Friday, January 31st 
Programme


  8.45 -  9.30  Welcome and registration

  9.30 - 10.15  Lecture by prof. Carol Ryff (University of Wisconsin, USA): Meaning, Ageing and Health

10.15 - 11.00 Lecture by prof. dr. Peter Derkx (University of Humanistic Studies): Humanism and Meaning in Life

11.00 - 11.30 Coffee Break

11.30 - 12.30 Discussion led by prof. dr. Jan Baars (University of Humanistic Studies)


12.30 - 13.30 Lunch break


13.30 - 15.15 2 Parallel Sessions:


5The Search for a Meaningful Life, by dr. Wander van der Vaart (University of Humanistic Studies)

The concept of a meaningful life is often discussed in relation to happiness and well-being. In scientific research on well-being two approaches dominate the field: the hedonic approach of "subjective well-being" with Ed Diener as the best-known researcher, and the eudaimonic approach of "psychological well-being" with Carol Ryff as the leading researcher. These approaches to well-being give rise to different views of meaning in life. A hedonistic approach of happiness suggests that people would look for meaning in life by striving for maximization of pleasure and minimization of pain. From a eudaimonic perspective of psychological well-being realizing human potential is the most important aim in life and would guide the search for meaning.

The papers in this session all echo to some extent this debate and in addition add a critical layer to it. They present empirical research that reflects not only the positive side of ‘searching for meaning’ but also its difficult or negative aspects. The search for a meaningful life entails dealing with happiness and depression, ideals and reality, stress and excitement – to cite some notions that picture this session.

While the search for meaning is the task of the individual, it is essentially social too. The  papers reflect this continuum by their main themes: reaching balance through mindfulness-based interventions, searching for a meaningful life through travel, and changes in meaning in life as connected to changes in society.

 

Papers:

Kate Spiegelhalter MSc (Sussex University, UK): Accepting the Void

Dr. Sebastian Filep (University of Otago, New Zealand): The Role of Travel in Our Search for a Meaningful Life

Nicola Richter MA (University of Hamburg  / London Metropolitan University)Towards Understanding Peoples' Ideals and Realities about Meaning in Life

Zsófia Szlamka BA (Eötvös Loránd University, Budapest, Hungary): Anonymity – Communication in an Online Society


6. The art of living: Autonomy, meaning and well-being across the lifespan, by prof. dr. Gerben Westerhof (Twente University, the Netherlands).

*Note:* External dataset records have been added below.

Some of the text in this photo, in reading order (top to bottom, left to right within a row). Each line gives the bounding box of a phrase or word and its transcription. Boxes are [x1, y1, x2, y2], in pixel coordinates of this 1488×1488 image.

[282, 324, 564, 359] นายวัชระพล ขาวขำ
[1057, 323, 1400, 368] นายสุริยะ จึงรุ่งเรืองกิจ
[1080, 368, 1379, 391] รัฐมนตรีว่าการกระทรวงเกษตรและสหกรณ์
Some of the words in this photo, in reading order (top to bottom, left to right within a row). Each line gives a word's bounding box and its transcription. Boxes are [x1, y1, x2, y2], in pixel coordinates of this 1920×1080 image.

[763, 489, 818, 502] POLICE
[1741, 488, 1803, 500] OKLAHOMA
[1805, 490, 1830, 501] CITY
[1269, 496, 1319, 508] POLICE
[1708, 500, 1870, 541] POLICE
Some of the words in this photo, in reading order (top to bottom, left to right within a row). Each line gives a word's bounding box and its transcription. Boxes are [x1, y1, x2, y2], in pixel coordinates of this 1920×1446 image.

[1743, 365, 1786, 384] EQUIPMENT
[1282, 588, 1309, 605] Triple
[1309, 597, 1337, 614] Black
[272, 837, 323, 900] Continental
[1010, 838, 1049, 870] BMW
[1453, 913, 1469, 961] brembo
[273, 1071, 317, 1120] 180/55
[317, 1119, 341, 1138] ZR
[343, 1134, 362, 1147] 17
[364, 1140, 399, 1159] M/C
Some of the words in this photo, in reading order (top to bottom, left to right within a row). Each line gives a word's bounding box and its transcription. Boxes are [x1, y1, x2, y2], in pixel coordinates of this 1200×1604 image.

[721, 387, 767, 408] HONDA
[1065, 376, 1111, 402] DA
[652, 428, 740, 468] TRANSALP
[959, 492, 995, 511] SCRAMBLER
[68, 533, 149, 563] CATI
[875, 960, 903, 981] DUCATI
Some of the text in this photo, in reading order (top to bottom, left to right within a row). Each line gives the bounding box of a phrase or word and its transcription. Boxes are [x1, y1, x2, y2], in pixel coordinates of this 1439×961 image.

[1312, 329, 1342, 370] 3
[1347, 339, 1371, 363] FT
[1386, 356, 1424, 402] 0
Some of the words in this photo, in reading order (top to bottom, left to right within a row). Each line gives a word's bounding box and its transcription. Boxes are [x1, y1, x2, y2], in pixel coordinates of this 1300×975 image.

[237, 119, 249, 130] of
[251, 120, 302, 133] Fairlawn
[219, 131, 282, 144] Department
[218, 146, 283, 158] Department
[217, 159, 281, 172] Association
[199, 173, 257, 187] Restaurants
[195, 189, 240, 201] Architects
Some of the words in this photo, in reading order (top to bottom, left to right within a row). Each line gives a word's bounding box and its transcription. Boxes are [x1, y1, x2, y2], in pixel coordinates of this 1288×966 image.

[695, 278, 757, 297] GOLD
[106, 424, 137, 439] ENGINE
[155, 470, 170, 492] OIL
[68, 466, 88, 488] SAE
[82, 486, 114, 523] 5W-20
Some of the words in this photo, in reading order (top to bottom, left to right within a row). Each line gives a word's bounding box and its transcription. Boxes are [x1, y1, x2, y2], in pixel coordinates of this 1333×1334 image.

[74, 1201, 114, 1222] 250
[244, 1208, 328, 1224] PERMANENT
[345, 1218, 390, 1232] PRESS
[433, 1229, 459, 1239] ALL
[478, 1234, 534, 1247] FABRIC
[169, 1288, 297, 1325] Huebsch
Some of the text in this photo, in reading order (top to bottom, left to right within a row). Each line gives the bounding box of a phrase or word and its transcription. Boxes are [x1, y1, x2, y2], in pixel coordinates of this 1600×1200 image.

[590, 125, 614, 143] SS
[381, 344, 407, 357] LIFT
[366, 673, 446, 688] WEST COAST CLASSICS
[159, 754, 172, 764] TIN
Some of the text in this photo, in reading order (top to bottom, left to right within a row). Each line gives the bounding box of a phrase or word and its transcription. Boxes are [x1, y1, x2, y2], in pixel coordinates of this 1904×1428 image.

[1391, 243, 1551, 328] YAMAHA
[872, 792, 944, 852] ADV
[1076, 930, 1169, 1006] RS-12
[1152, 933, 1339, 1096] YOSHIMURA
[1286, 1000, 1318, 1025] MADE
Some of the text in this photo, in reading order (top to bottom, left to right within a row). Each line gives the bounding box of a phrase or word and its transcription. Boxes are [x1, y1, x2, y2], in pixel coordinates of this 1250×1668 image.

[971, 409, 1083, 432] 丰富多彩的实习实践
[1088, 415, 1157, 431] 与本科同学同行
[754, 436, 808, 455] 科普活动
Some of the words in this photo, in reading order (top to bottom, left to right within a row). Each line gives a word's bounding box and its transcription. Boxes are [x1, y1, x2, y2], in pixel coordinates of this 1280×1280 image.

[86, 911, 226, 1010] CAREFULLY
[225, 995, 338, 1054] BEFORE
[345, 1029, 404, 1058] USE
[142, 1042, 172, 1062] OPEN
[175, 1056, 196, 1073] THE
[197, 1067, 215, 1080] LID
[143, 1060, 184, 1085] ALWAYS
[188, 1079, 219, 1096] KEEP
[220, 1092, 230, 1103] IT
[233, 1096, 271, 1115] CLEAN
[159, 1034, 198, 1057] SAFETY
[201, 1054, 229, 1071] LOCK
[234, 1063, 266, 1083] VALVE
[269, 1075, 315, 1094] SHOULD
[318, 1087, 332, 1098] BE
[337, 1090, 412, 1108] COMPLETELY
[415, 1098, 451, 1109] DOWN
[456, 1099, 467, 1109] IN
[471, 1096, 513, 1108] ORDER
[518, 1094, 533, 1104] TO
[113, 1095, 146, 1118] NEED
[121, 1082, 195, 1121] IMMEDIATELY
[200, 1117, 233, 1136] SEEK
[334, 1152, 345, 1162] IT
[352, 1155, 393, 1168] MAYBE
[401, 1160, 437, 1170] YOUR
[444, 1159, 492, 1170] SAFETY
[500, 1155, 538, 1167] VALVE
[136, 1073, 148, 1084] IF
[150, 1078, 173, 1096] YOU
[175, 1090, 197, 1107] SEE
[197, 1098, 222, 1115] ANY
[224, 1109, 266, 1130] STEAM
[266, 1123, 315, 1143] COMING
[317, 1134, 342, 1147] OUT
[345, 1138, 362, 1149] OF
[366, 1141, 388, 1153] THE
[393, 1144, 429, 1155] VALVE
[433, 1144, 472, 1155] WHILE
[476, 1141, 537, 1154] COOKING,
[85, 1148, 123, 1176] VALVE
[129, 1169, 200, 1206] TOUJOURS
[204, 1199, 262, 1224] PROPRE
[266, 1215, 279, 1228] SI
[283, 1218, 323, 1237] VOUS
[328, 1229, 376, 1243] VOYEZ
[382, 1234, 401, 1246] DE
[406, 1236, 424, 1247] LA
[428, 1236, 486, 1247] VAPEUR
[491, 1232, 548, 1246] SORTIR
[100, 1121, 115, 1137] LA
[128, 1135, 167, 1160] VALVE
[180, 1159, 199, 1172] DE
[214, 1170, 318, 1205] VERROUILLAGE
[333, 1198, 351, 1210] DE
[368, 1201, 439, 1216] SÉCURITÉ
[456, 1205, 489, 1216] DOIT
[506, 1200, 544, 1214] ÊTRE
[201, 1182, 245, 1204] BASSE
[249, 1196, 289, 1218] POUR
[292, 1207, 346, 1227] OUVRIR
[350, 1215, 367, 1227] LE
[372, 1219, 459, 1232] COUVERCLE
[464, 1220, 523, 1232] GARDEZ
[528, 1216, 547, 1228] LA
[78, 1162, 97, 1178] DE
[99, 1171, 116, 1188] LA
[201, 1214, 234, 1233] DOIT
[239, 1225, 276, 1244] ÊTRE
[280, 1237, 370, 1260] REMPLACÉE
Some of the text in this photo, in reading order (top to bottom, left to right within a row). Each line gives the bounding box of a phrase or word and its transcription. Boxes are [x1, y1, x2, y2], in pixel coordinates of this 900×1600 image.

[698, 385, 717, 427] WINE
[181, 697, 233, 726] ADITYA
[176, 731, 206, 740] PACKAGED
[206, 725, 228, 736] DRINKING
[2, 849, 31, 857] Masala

The art of living refers to taking responsibility to keep one’s life going in a meaningful way across the human lifespan. The papers in this panel all reflect on questions related to the art of living. What is the role of autonomy, what is the role of the narrated past and future, and what role does psychological well-being play in leading a meaningful life? The papers also focus on care settings, including questions about the ethics of care, narrativity in person-centered care, as well as addressing particular interventions, such as life review therapy and well-being therapy. Philosopher Joep Dohmen focuses on the role of autonomy and care in living a meaningful life. Gerben Westerhof will focus on how narrative reflection can help people to construe meaning by living from the past rather than in the past. Anneke Sools, Thijs Tromp and Jan Hein Mooren explore how caring for a meaningful life also asks for narrative future imagination. Ernst Bohlmeijer addresses innovations in therapy that address the promotion of psychological well-being. Together, the papers present a kaleidoscope of answers to how people themselves can contribute to personal meaning as time goes by. 


Papers:

Prof. dr. Gerben Westerhof (Twente University, Netherlands): Autobiographical reflection: Living of the past rather than in the past

Prof. dr. Joep Dohmen (University of Humanistic Studies): Why Autonomy is more important than Care

Dr. Anneke Sools (Twente University):  Enhancing positive health by narrative futuring
Prof. Ernst Bohlmeijer (Twente University): Adapting Well-being therapy in the Netherlands


15.15 - 15.45 Tea break


15.45 - 17.00 2 Parallel Sessions:


7. Autonomy and Vulnerability in a Just Society, by prof. dr. Jan Baars (University of Humanistic Studies)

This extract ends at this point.